**Work order:** A verbatim copy is needed of the lines below from the one containing "this 1199×1800 image." up to and including the one containing "this 1600×1055 image.", excluding pictures.

**Given records:**

- Opening Delimiter -

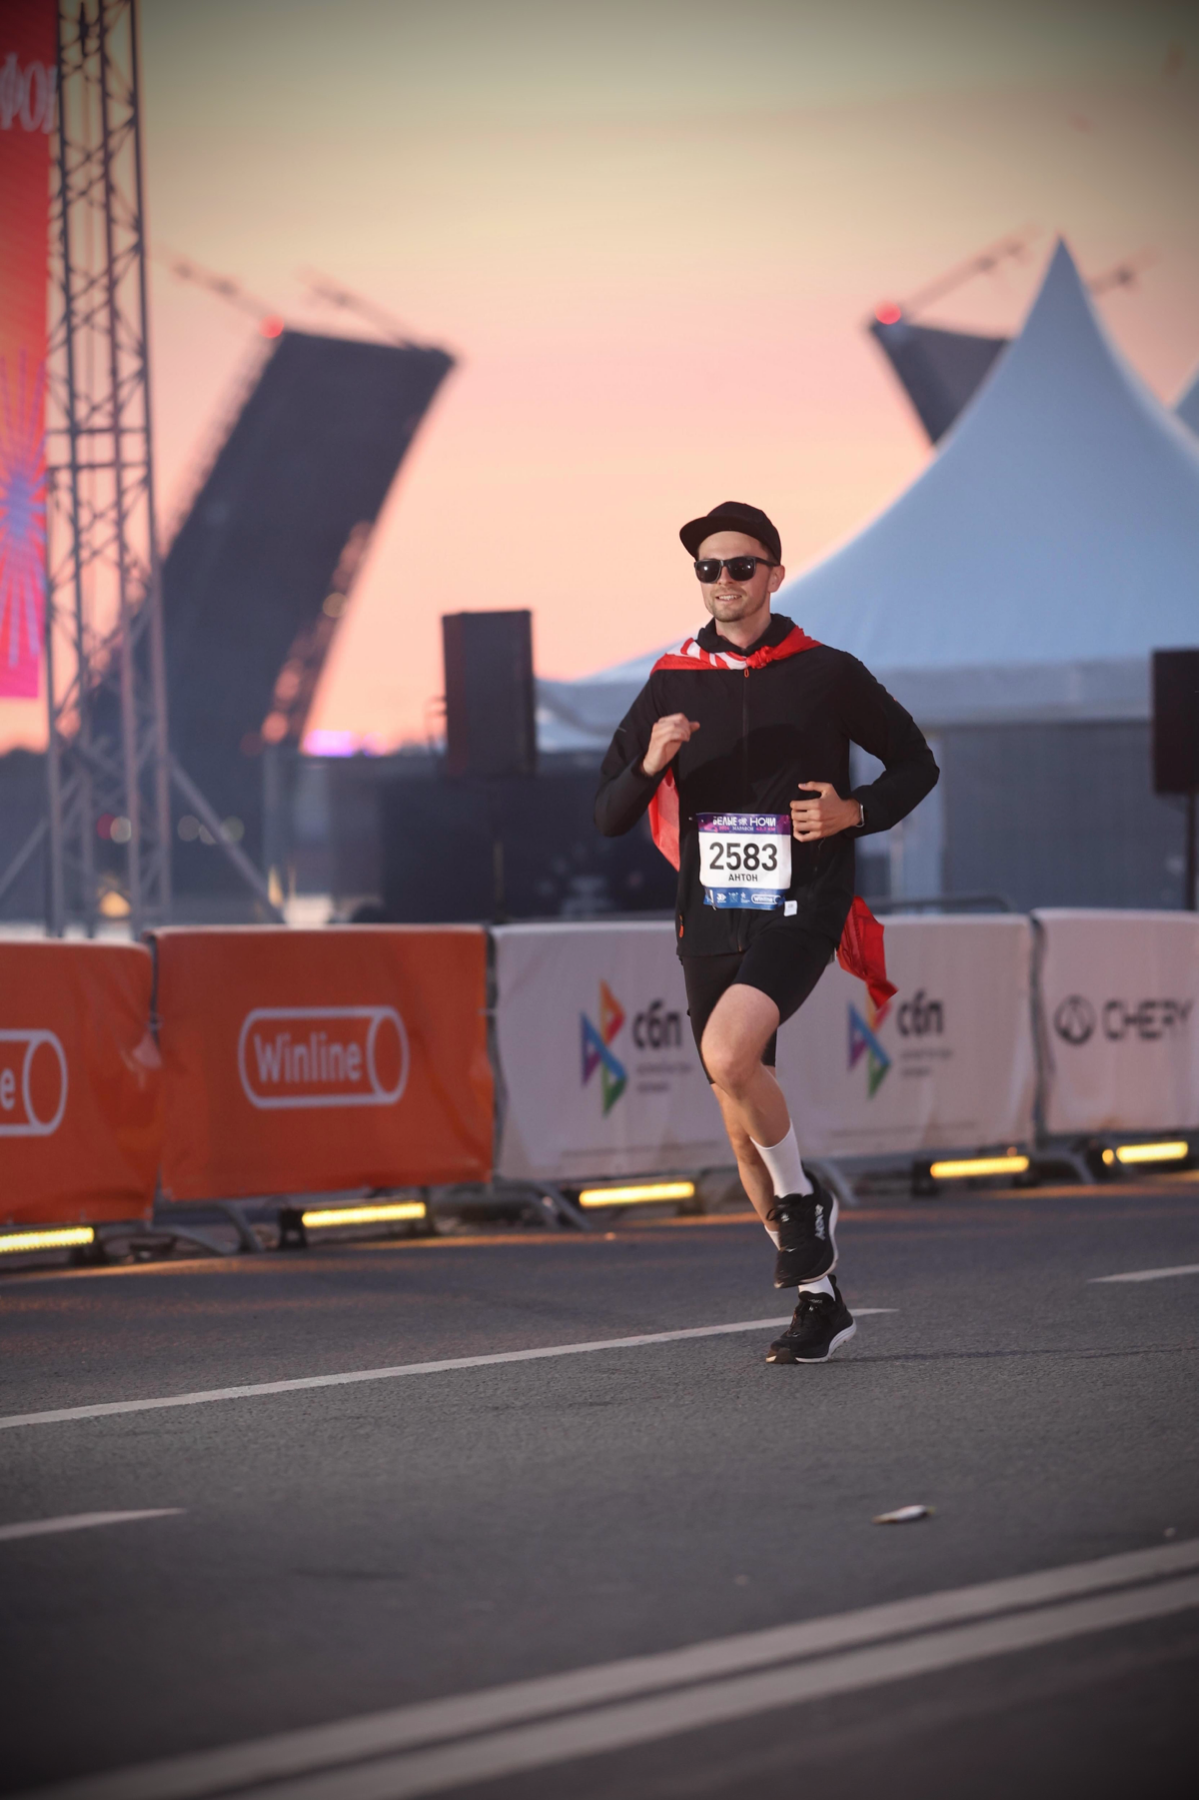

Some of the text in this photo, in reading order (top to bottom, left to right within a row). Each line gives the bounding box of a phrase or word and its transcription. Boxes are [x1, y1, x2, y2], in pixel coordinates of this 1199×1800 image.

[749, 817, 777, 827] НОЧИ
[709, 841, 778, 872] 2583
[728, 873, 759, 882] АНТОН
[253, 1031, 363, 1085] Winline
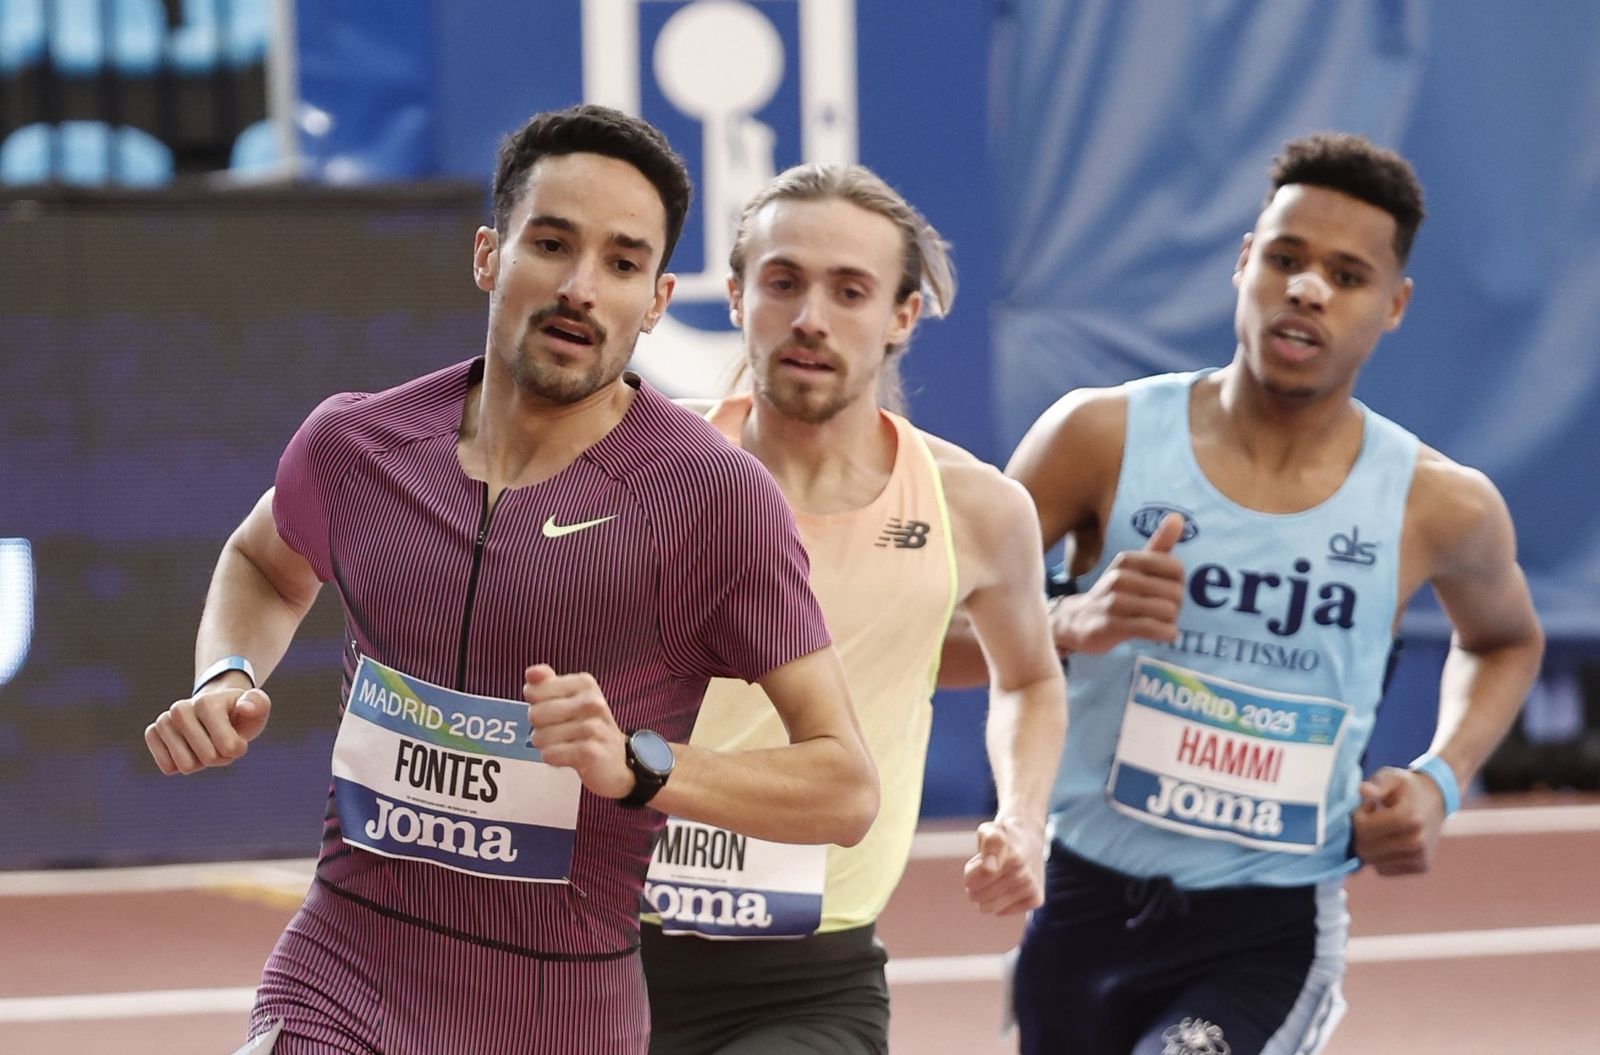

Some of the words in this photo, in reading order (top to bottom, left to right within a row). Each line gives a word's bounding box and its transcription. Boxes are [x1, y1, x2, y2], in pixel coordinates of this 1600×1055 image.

- Closing Delimiter -
- Opening Delimiter -

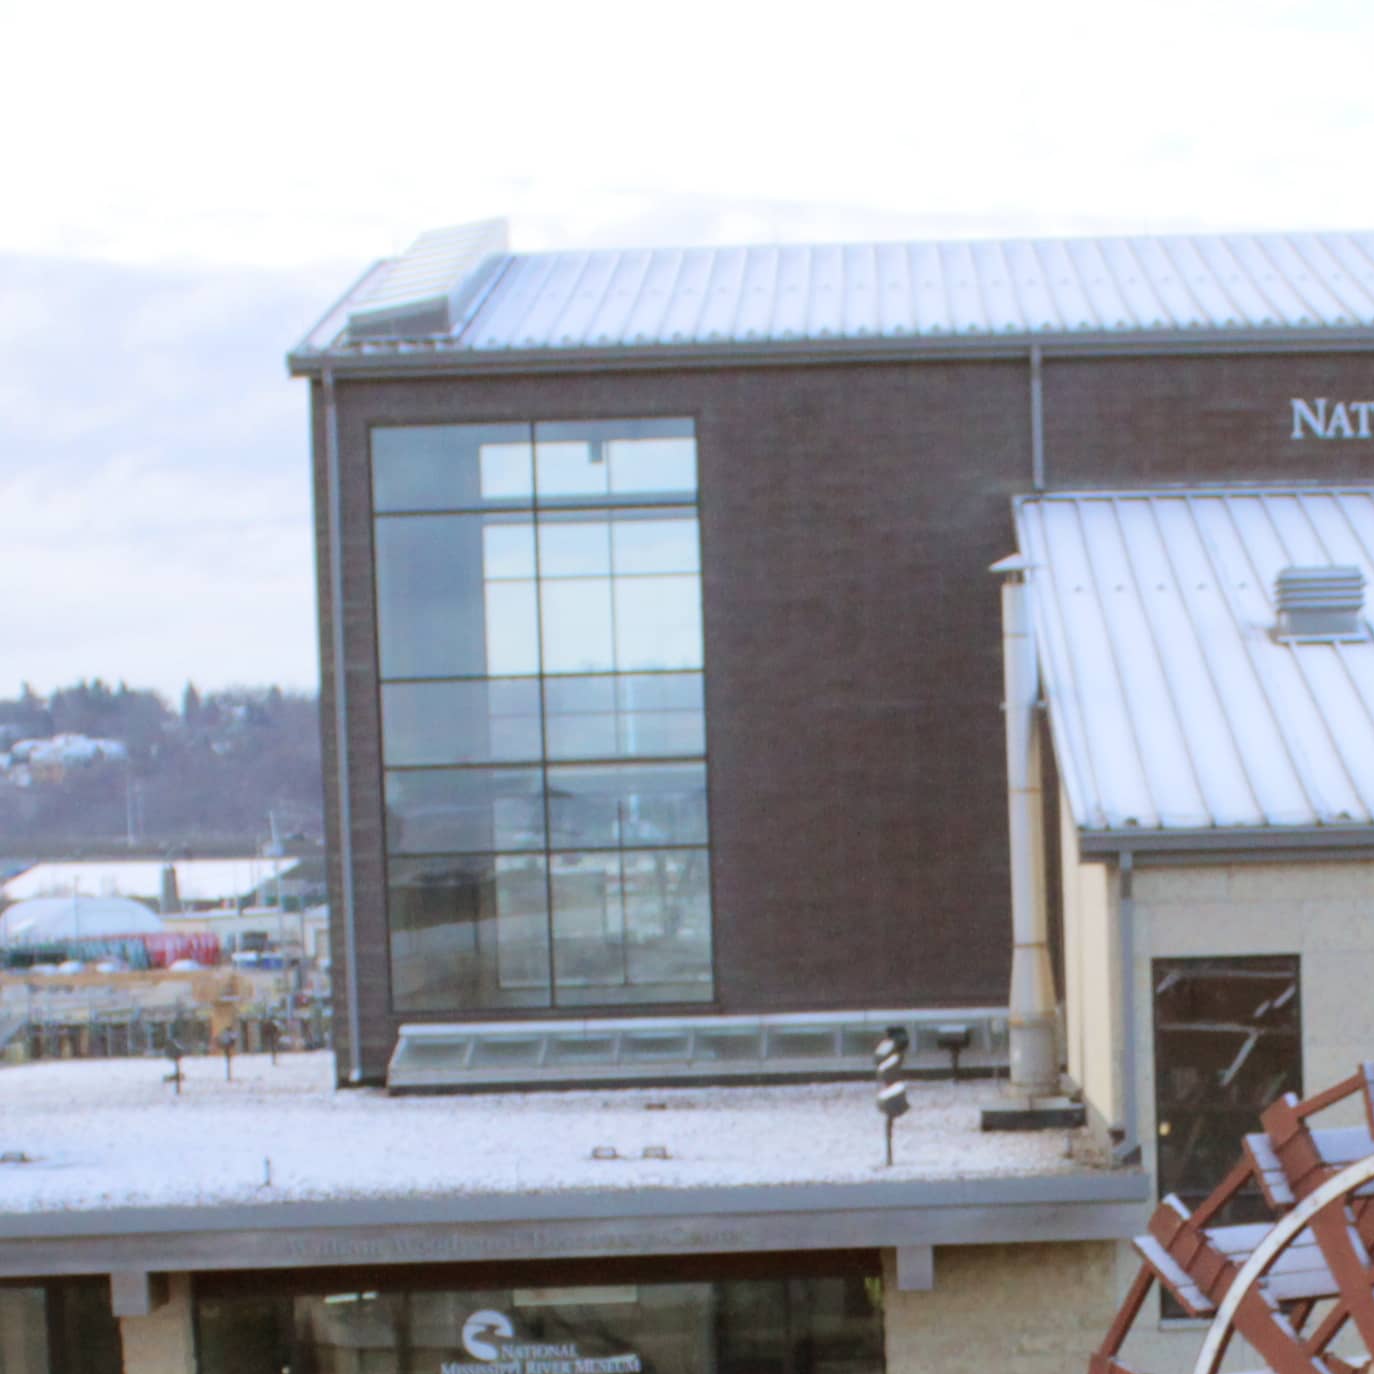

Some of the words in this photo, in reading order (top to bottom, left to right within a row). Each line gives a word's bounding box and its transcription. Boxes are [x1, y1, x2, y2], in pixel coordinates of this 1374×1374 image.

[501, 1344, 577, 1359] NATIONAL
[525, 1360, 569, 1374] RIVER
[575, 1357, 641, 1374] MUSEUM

- Closing Delimiter -
- Opening Delimiter -

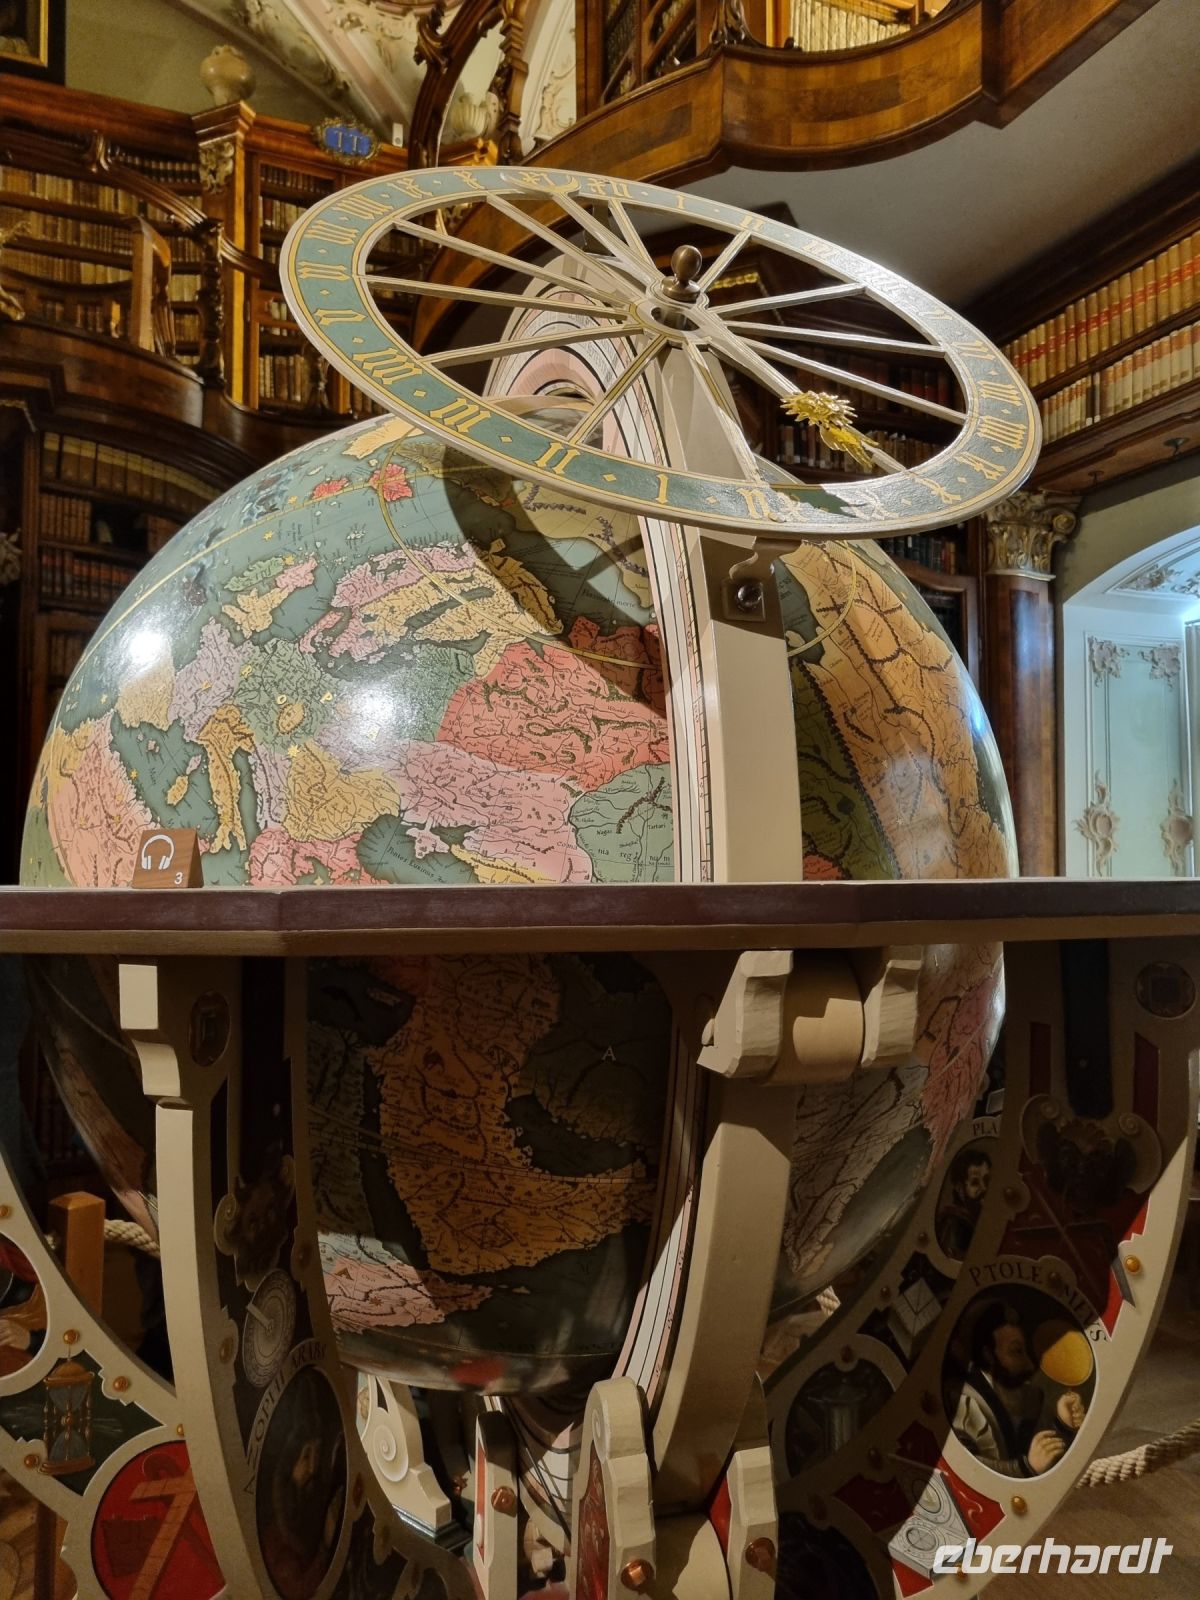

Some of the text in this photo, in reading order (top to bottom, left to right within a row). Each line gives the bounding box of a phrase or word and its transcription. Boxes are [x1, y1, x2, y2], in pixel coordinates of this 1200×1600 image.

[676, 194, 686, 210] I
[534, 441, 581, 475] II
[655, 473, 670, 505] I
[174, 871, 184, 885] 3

- Closing Delimiter -

**Result of this task:**
Some of the text in this photo, in reading order (top to bottom, left to right within a row). Each line gives the bounding box of a phrase or word and its transcription. Boxes are [x1, y1, x2, y2], in pixel coordinates of this 1199×1800 image.

[749, 817, 777, 827] НОЧИ
[709, 841, 778, 872] 2583
[728, 873, 759, 882] АНТОН
[253, 1031, 363, 1085] Winline

Some of the words in this photo, in reading order (top to bottom, left to right within a row). Each line gives a word's bounding box and its transcription. Boxes are [x1, y1, x2, y2], in pixel coordinates of this 1600×1055 image.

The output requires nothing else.